Por Paula Rita Bacellar Gonzaga*
Entender o lugar da Psicologia diante dos desafios que cercam a criminalização do aborto no Brasil e suas consequências na vida das mulheres brasileiras nos demanda, inicialmente, entender de que Psicologia nós estamos falando. A despeito de um histórico de normatização dos sujeitos, a Psicologia tem produzido proposições emancipatórias, num compromisso com os Direitos Humanos e a dissolução das desigualdades sociais. Ainda que não de modo linear, temos avançado numa compreensão desse saber disciplinar como ferramenta de transformação das estruturas que hierarquizam vidas, histórias, escolhas e obviamente, corpos que foram e são reduzidos a uma função ou característica.

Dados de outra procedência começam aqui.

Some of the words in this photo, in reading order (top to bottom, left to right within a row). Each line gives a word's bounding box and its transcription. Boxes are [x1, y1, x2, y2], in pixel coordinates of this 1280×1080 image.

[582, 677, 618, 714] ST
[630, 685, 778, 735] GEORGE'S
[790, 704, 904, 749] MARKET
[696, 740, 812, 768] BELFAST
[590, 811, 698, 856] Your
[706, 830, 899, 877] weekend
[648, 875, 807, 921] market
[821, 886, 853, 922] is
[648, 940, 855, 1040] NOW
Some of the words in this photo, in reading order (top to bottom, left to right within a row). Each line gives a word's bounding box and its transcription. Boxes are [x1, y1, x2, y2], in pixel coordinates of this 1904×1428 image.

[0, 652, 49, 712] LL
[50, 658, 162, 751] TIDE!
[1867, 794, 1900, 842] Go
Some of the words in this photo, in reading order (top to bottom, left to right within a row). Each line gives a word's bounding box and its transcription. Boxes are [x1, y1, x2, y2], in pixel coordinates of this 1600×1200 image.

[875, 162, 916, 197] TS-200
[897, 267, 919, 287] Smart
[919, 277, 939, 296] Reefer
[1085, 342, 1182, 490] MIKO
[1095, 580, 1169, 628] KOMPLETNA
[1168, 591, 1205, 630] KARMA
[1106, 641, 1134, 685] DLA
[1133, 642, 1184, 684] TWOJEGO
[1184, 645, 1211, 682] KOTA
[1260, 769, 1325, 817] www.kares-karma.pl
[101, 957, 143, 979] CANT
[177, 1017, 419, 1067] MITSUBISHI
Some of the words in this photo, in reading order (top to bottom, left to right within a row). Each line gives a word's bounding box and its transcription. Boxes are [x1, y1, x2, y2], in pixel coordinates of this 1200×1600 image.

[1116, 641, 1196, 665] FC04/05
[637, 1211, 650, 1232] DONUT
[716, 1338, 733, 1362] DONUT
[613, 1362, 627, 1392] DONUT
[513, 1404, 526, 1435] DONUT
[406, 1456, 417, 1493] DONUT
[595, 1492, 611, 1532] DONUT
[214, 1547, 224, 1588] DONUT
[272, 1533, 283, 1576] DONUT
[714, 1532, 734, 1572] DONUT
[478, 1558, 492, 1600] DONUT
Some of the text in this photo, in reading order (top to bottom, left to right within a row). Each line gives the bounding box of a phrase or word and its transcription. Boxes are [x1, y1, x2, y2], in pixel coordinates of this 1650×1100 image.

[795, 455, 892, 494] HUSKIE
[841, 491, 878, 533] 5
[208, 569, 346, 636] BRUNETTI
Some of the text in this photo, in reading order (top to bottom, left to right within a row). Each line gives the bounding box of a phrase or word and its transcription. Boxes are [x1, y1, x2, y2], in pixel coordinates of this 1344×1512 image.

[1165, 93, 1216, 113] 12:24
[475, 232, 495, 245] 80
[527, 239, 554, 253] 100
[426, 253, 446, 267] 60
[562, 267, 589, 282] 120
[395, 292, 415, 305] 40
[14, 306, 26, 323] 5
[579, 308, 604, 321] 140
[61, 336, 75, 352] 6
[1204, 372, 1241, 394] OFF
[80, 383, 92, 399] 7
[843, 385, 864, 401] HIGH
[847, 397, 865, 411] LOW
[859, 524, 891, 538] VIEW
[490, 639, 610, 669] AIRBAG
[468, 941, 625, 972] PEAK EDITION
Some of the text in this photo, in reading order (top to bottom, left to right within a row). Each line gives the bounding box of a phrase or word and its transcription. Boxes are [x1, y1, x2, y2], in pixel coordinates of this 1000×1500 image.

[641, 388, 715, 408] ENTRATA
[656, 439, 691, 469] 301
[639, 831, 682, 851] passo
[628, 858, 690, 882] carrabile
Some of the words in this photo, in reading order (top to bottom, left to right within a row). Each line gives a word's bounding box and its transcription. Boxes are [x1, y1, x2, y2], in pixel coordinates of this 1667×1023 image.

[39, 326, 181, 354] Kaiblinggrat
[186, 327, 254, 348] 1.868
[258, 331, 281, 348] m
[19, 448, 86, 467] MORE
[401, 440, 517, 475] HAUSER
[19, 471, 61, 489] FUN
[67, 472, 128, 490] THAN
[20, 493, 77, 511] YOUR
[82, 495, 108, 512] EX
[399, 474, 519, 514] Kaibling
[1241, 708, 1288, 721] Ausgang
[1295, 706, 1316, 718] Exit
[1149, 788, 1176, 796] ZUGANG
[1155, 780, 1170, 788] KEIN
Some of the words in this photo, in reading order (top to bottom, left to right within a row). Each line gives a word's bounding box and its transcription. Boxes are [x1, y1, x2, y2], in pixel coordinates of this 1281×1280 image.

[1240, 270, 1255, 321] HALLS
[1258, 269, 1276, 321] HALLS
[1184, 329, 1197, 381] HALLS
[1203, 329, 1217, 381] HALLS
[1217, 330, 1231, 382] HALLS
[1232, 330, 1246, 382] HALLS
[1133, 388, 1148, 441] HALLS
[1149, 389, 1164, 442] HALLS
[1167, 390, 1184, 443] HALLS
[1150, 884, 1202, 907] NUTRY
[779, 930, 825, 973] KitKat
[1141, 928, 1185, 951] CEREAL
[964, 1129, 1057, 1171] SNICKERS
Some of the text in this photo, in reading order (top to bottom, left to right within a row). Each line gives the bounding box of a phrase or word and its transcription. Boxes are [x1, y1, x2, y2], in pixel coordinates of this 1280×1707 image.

Desse modo, a Psicologia tem um desafio diante da naturalização da maternidade como destino irrefutável às mulheres e, por conseguinte, a criminalização do aborto como mecanismo de penalização jurídica e moral daquelas que interrompem gestações. Ao longo das próximas linhas me dedicarei a apresentar três âmbitos de atuação onde a intervenção da profissional de Psicologia pode ser de extrema valia para dirimir as violências psicológicas a que mulheres que abortam estão sujeitas. Ciente de que esse não é um retrato definitivo ou uníssono da categoria, mas sim, uma escolha política de destacar três campos extremamente caros a nossa jovem ciência e profissão e que estão imbricados de modo indissociável: a práxis, a formação e a atuação política.
No primeiro aspecto cabe sinalizar que nossa atuação é fundamental no acolhimento de mulheres que buscam os serviços de aborto legal nos casos previstos em lei. Em 1940 o Código Penal define que gravidezes decorrentes de estupro ou que impliquem em risco à vida da mulher são passíveis de serem interrompidas legalmente, ainda que o aborto em si seja um crime. Em 2012 o Supremo Tribunal Federal considerou que em casos de anencefalia fetal, a mulher também poderia recorrer à interrupção legal da gestação. Em todos esses casos a profissional de Psicologia é indicada como componente da equipe multidisciplinar mínima que deve acompanhar a usuária do serviço, promovendo escuta qualificada, acolhimento das demandas e facilitando o diálogo da equipe com a mulher.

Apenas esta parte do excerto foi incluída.